• DIRECTIONS:
Each record below should be returned word for word, with no pictures included.

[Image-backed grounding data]

════════

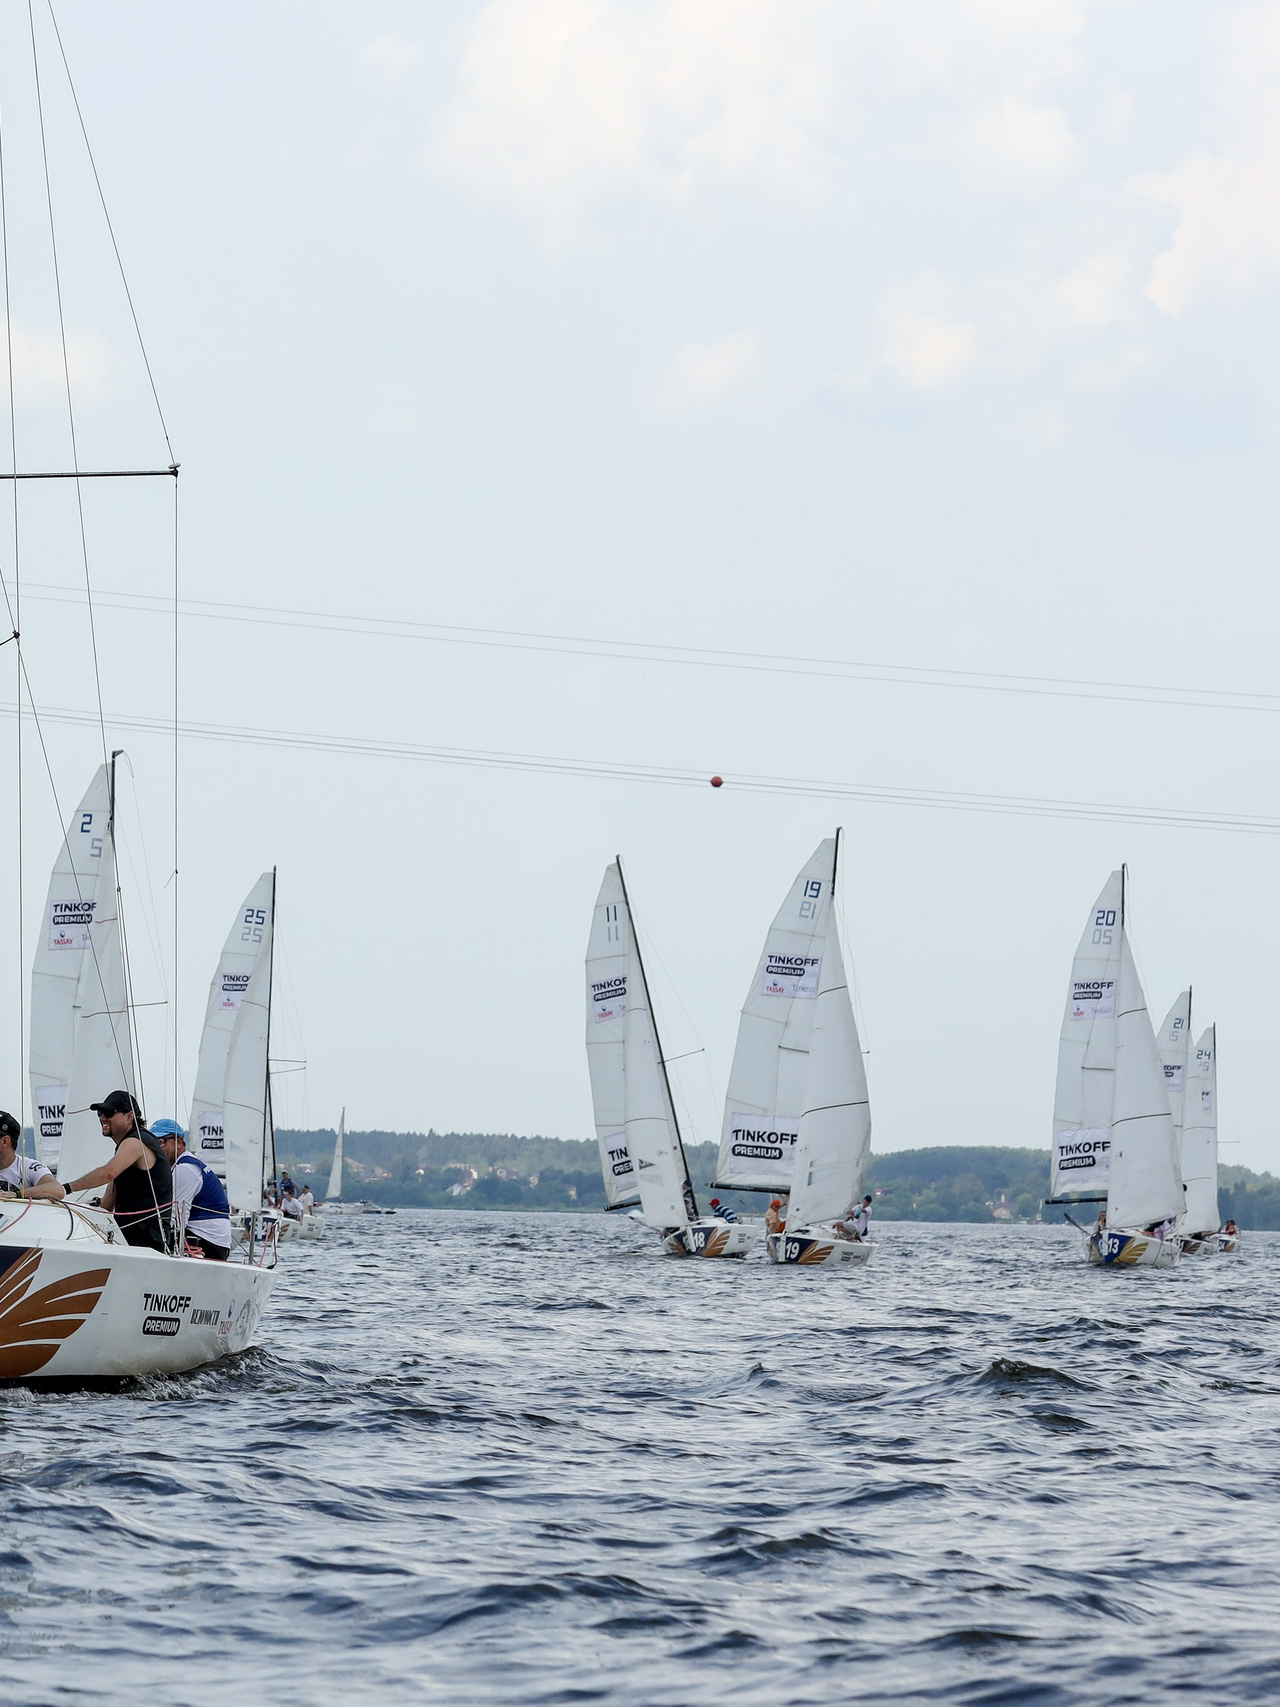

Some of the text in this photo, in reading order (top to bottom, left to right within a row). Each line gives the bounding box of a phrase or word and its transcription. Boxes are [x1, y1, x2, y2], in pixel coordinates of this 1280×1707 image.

[81, 813, 93, 833] 2
[803, 880, 822, 899] 19
[54, 916, 91, 924] PREMIUM
[244, 908, 266, 925] 25
[1095, 910, 1116, 927] 20
[768, 955, 819, 967] TINKOFF
[767, 966, 804, 976] PREMIUM
[223, 975, 251, 983] TINKO
[1074, 982, 1114, 990] TINKOFF
[1173, 1018, 1184, 1030] 21
[1197, 1050, 1211, 1060] 24
[732, 1129, 798, 1145] TINKOFF
[734, 1146, 780, 1157] PREMIUM
[1059, 1141, 1111, 1156] TINKOFF
[1060, 1157, 1094, 1169] PREMIUM
[693, 1231, 705, 1248] 18
[1108, 1238, 1120, 1254] 13
[786, 1241, 800, 1259] 19
[143, 1293, 191, 1313] TINKOFF
[144, 1319, 180, 1333] PREMIUM

════════

• EXERCISE RESPONSE:
Some of the text in this photo, in reading order (top to bottom, left to right within a row). Each line gives the bounding box of a phrase or word and its transcription. Boxes are [x1, y1, x2, y2], in pixel coordinates of this 1280×1707 image.

[81, 813, 93, 833] 2
[803, 880, 822, 899] 19
[54, 916, 91, 924] PREMIUM
[244, 908, 266, 925] 25
[1095, 910, 1116, 927] 20
[768, 955, 819, 967] TINKOFF
[767, 966, 804, 976] PREMIUM
[223, 975, 251, 983] TINKO
[1074, 982, 1114, 990] TINKOFF
[1173, 1018, 1184, 1030] 21
[1197, 1050, 1211, 1060] 24
[732, 1129, 798, 1145] TINKOFF
[734, 1146, 780, 1157] PREMIUM
[1059, 1141, 1111, 1156] TINKOFF
[1060, 1157, 1094, 1169] PREMIUM
[693, 1231, 705, 1248] 18
[1108, 1238, 1120, 1254] 13
[786, 1241, 800, 1259] 19
[143, 1293, 191, 1313] TINKOFF
[144, 1319, 180, 1333] PREMIUM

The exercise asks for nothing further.